Brief: Return the entries below in their exact form, leaving the pictures out.

Information given:
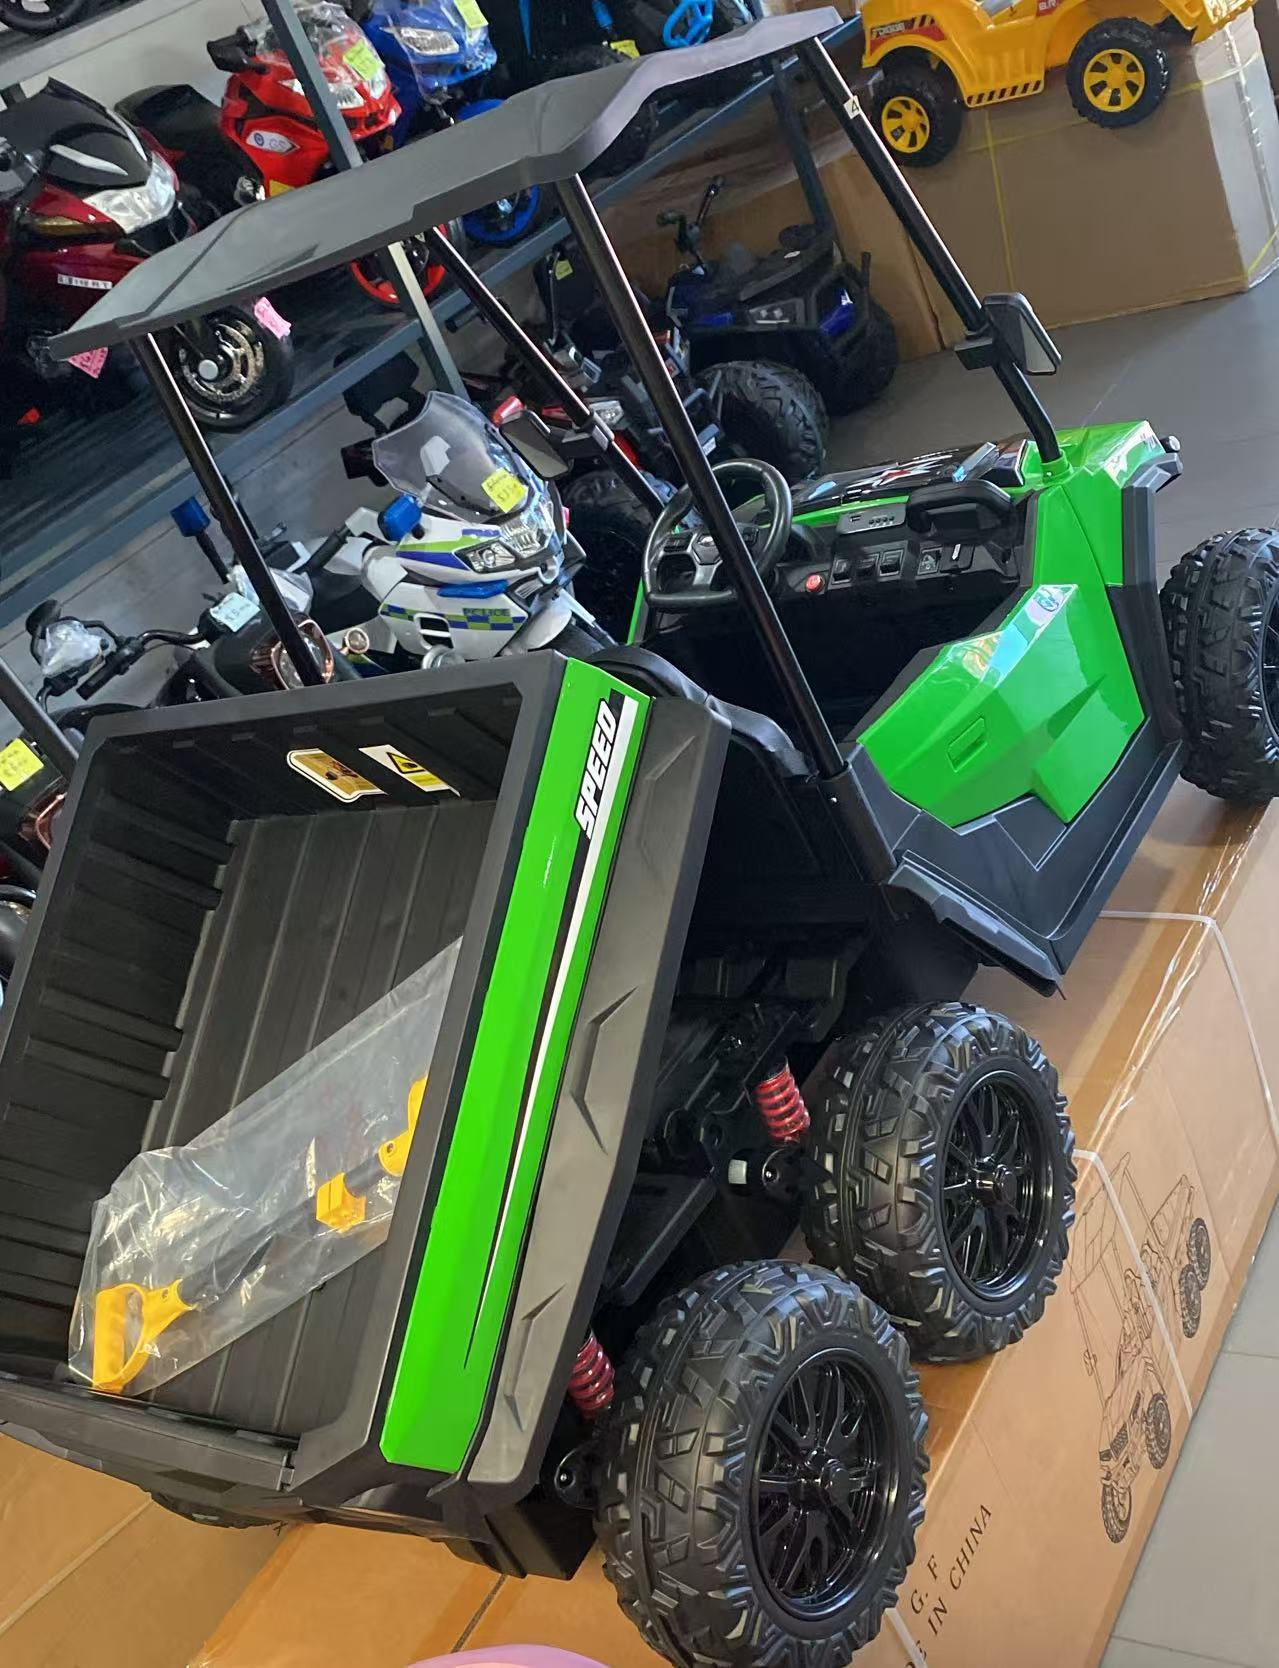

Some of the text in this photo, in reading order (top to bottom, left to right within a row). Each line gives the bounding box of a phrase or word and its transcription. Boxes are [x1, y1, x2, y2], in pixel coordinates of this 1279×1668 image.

[462, 607, 511, 617] POLICE
[574, 698, 618, 840] SPEED
[926, 1554, 938, 1581] F
[928, 1504, 992, 1636] IN CHINA

Task output:
Some of the text in this photo, in reading order (top to bottom, left to right within a row). Each line gives the bounding box of a phrase or word and its transcription. Boxes are [x1, y1, x2, y2], in pixel coordinates of this 1279×1668 image.

[462, 607, 511, 617] POLICE
[574, 698, 618, 840] SPEED
[926, 1554, 938, 1581] F
[928, 1504, 992, 1636] IN CHINA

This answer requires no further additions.